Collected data
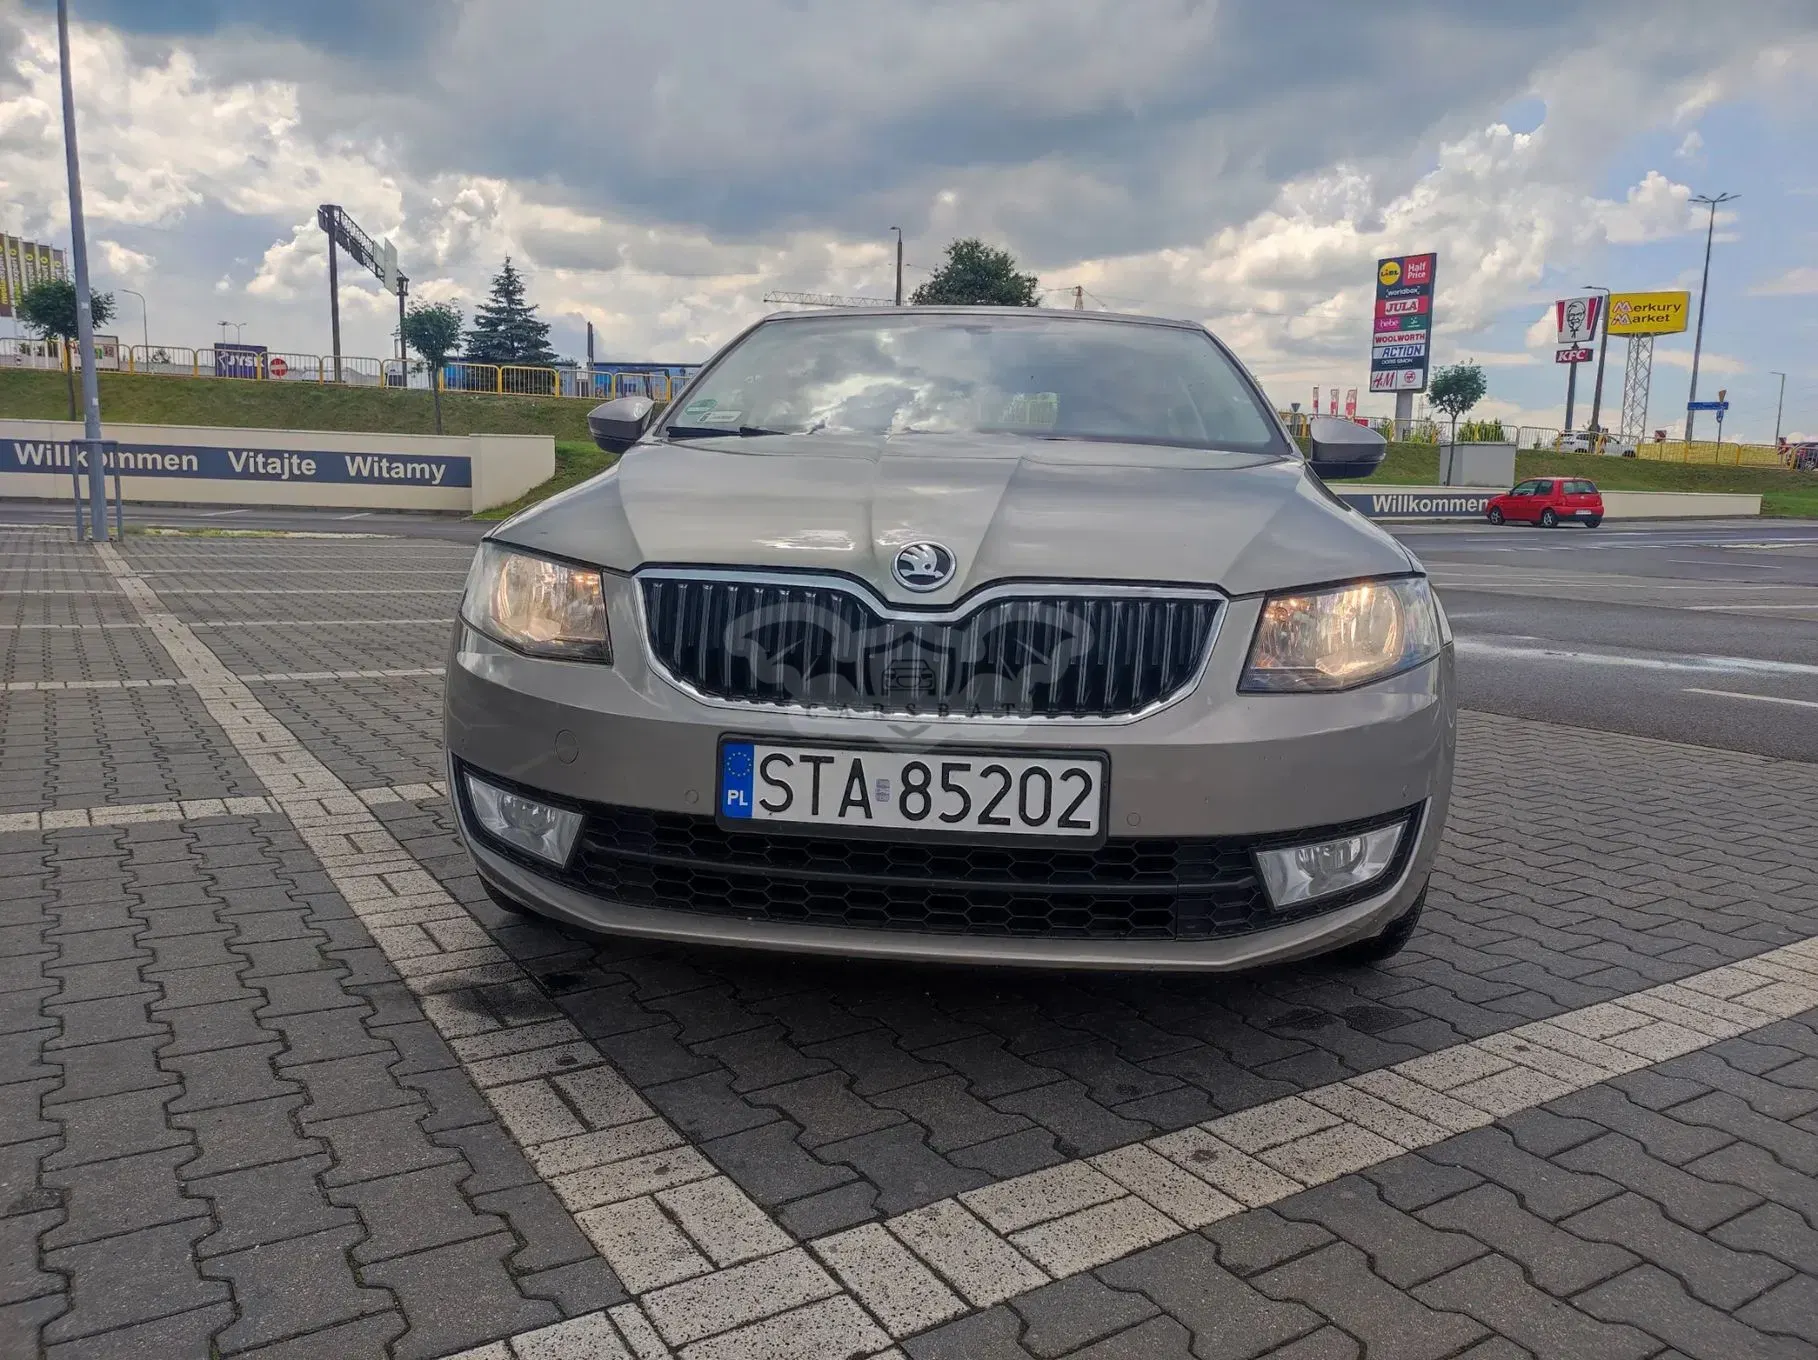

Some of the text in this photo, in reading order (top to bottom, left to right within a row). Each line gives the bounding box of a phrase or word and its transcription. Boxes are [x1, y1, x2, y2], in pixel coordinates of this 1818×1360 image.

[1408, 262, 1426, 272] Half
[1407, 271, 1426, 279] Price
[1612, 300, 1682, 313] Merkury
[1611, 313, 1670, 325] Market
[1375, 333, 1425, 343] WOOLWORTH
[1382, 345, 1422, 357] ACTION
[1558, 350, 1585, 361] KFC
[228, 451, 317, 479] Vitajte
[345, 455, 446, 485] Witamy
[759, 752, 1092, 829] STA 85202
[727, 789, 748, 806] PL
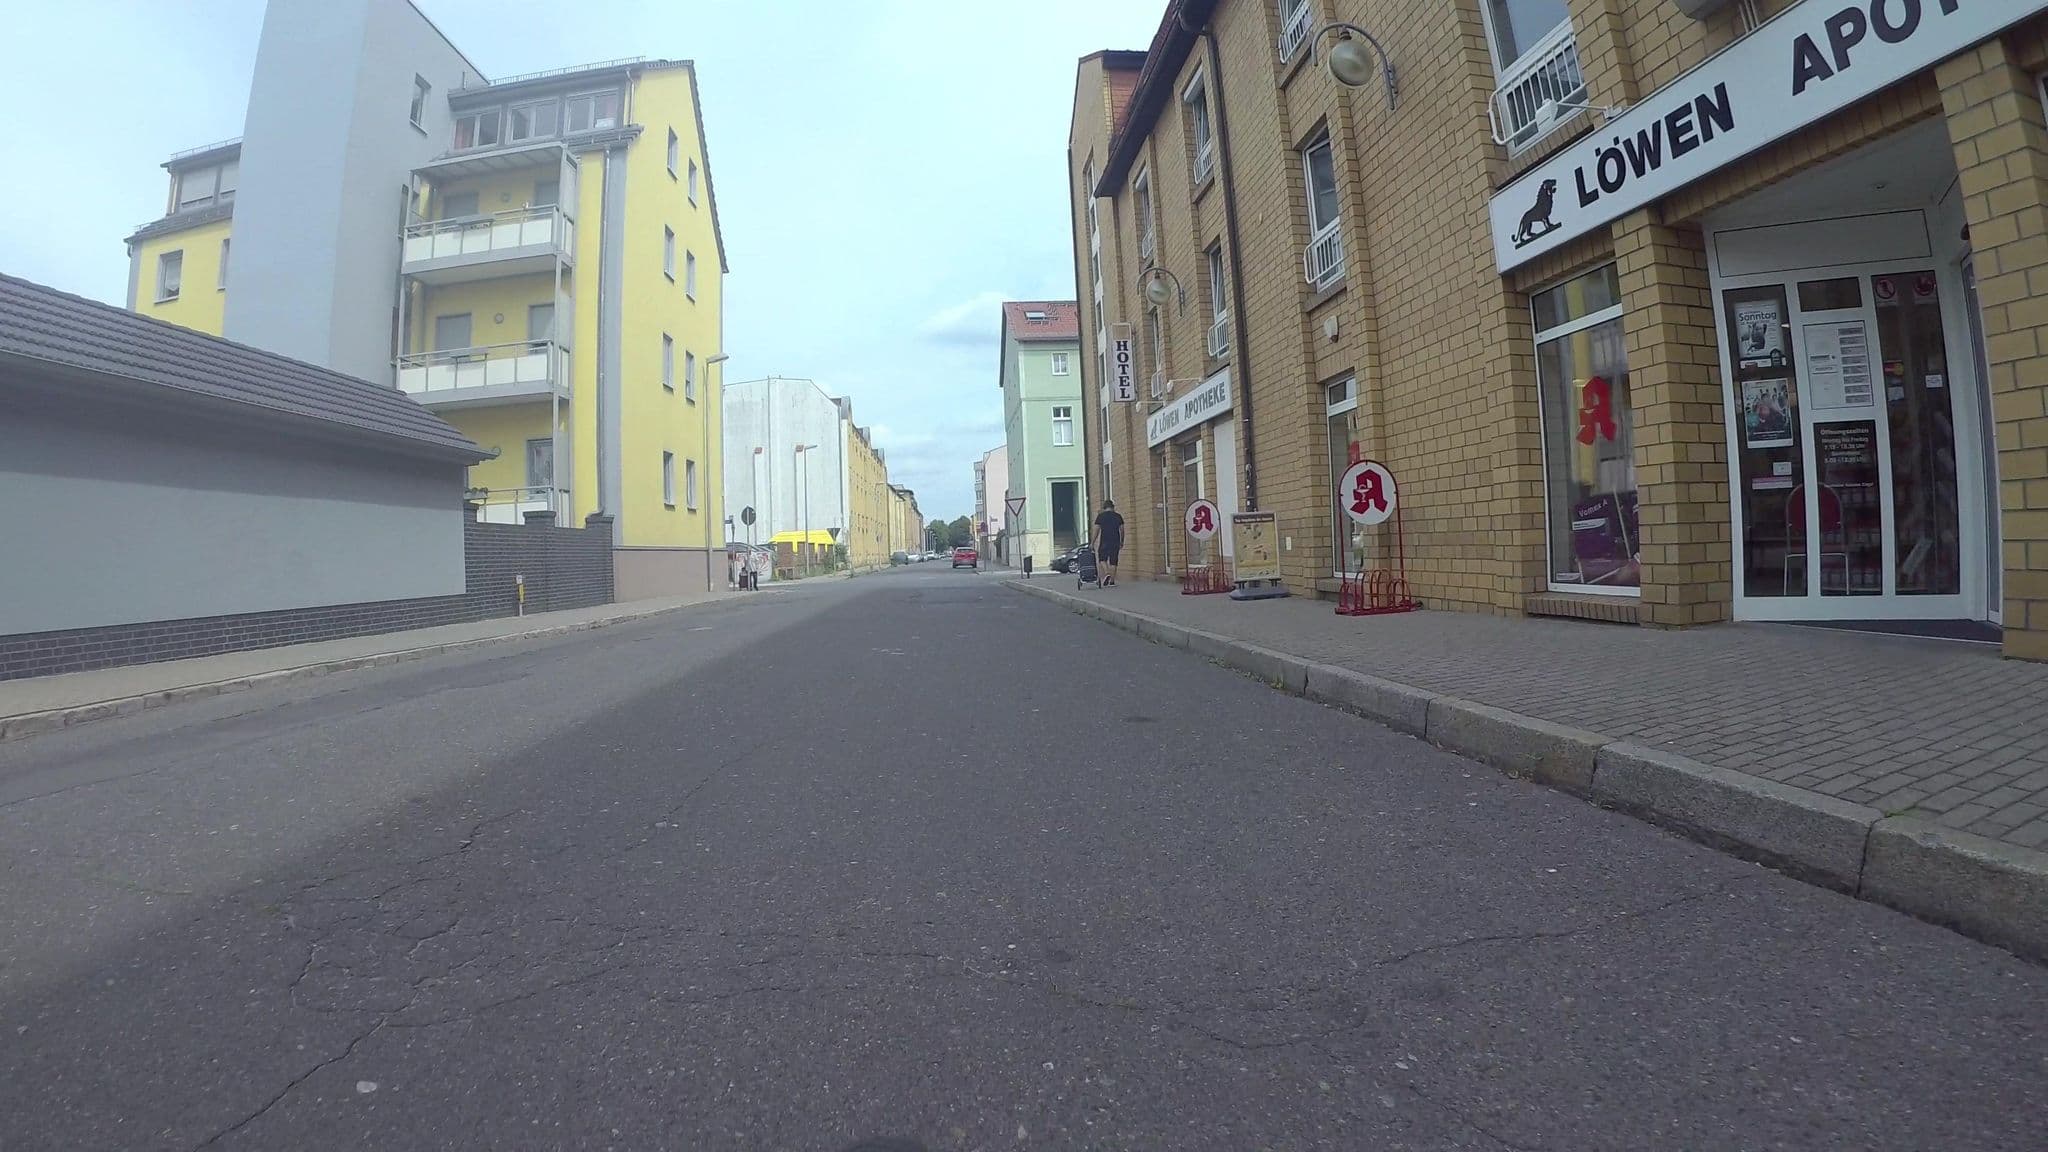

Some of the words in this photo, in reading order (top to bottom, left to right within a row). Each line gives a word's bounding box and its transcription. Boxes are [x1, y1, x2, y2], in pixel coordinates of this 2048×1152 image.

[1574, 81, 1735, 208] LÖWEN
[1792, 0, 1959, 96] APO
[1115, 340, 1130, 399] HOTEL
[1160, 407, 1180, 433] LÖWEN
[1184, 381, 1226, 420] APOTHEKE
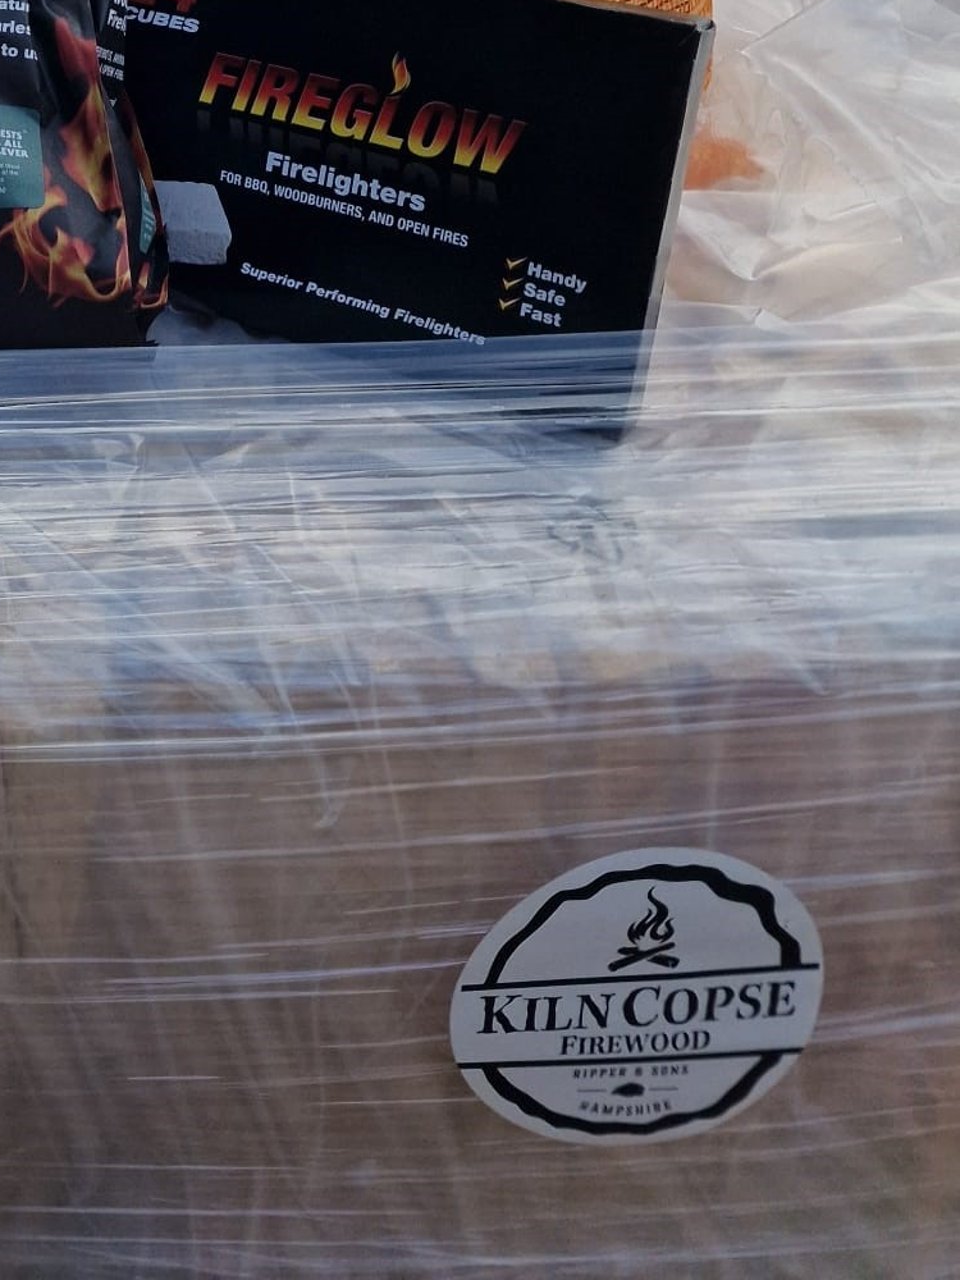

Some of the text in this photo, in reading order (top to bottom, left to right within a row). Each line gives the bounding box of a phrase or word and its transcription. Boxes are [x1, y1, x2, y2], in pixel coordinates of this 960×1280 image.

[126, 5, 200, 34] CUBES
[1, 42, 18, 58] to
[198, 51, 527, 175] FIREGLOW
[3, 139, 24, 149] ALL
[265, 150, 426, 212] Firelighters
[220, 169, 469, 248] FOR BBQ, WOODBURNERS, AND OPEN FIRES
[527, 261, 587, 294] Handy
[240, 262, 486, 346] Superior Performing Firelighters
[523, 282, 566, 307] Safe
[520, 302, 562, 327] Fast
[560, 1030, 711, 1057] FIREWOOD
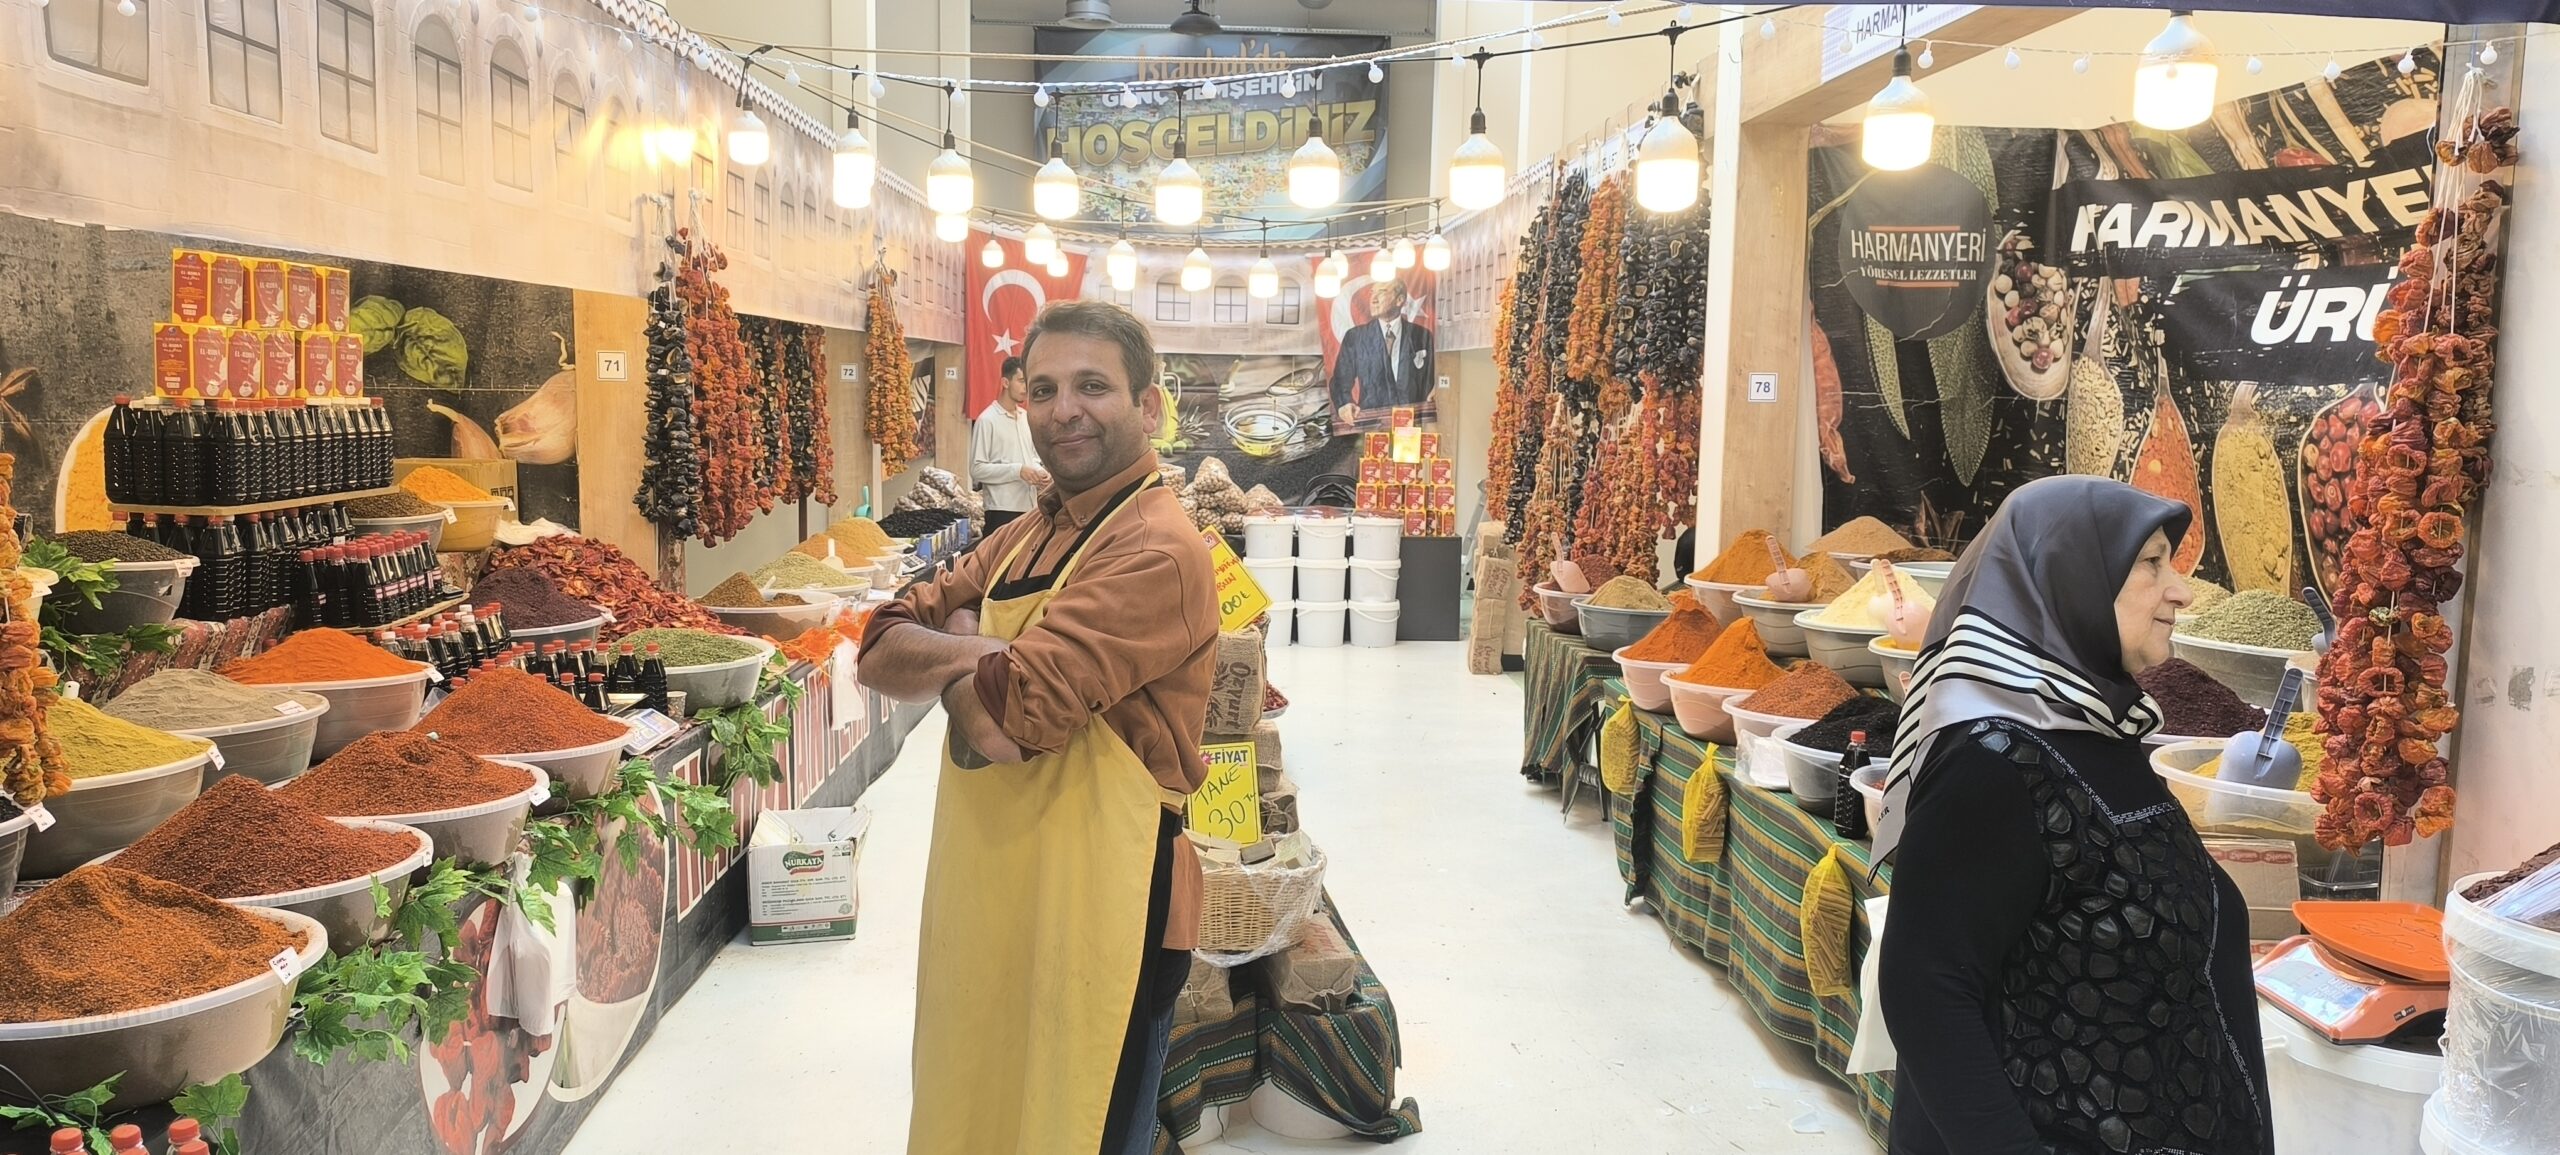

What you are asked to do —
The copy you return must match the records above exactly, minus any images.

Answer to this problem —
Some of the text in this photo, in reading order (top to bottom, left to right within a row). Each line gives the bounding box of a phrase or word and its transcription. Boxes are [x1, y1, x2, y2], in pixel coordinates of this 1818×1360 image.

[1408, 262, 1426, 272] Half
[1407, 271, 1426, 279] Price
[1612, 300, 1682, 313] Merkury
[1611, 313, 1670, 325] Market
[1375, 333, 1425, 343] WOOLWORTH
[1382, 345, 1422, 357] ACTION
[1558, 350, 1585, 361] KFC
[228, 451, 317, 479] Vitajte
[345, 455, 446, 485] Witamy
[759, 752, 1092, 829] STA 85202
[727, 789, 748, 806] PL

Some of the words in this photo, in reading order (top to bottom, left to right within a row). Each line gives a word's bounding box and its transcription. Boxes are [x1, y1, x2, y2], in pixel coordinates of this 2048×1152 image.

[1574, 81, 1735, 208] LÖWEN
[1792, 0, 1959, 96] APO
[1115, 340, 1130, 399] HOTEL
[1160, 407, 1180, 433] LÖWEN
[1184, 381, 1226, 420] APOTHEKE

Some of the text in this photo, in reading order (top to bottom, left to right within a row). Each line gives the bounding box of a phrase or word and its transcription. Boxes are [x1, y1, x2, y2], in pixel coordinates of this 960×1280 image.

[126, 5, 200, 34] CUBES
[1, 42, 18, 58] to
[198, 51, 527, 175] FIREGLOW
[3, 139, 24, 149] ALL
[265, 150, 426, 212] Firelighters
[220, 169, 469, 248] FOR BBQ, WOODBURNERS, AND OPEN FIRES
[527, 261, 587, 294] Handy
[240, 262, 486, 346] Superior Performing Firelighters
[523, 282, 566, 307] Safe
[520, 302, 562, 327] Fast
[560, 1030, 711, 1057] FIREWOOD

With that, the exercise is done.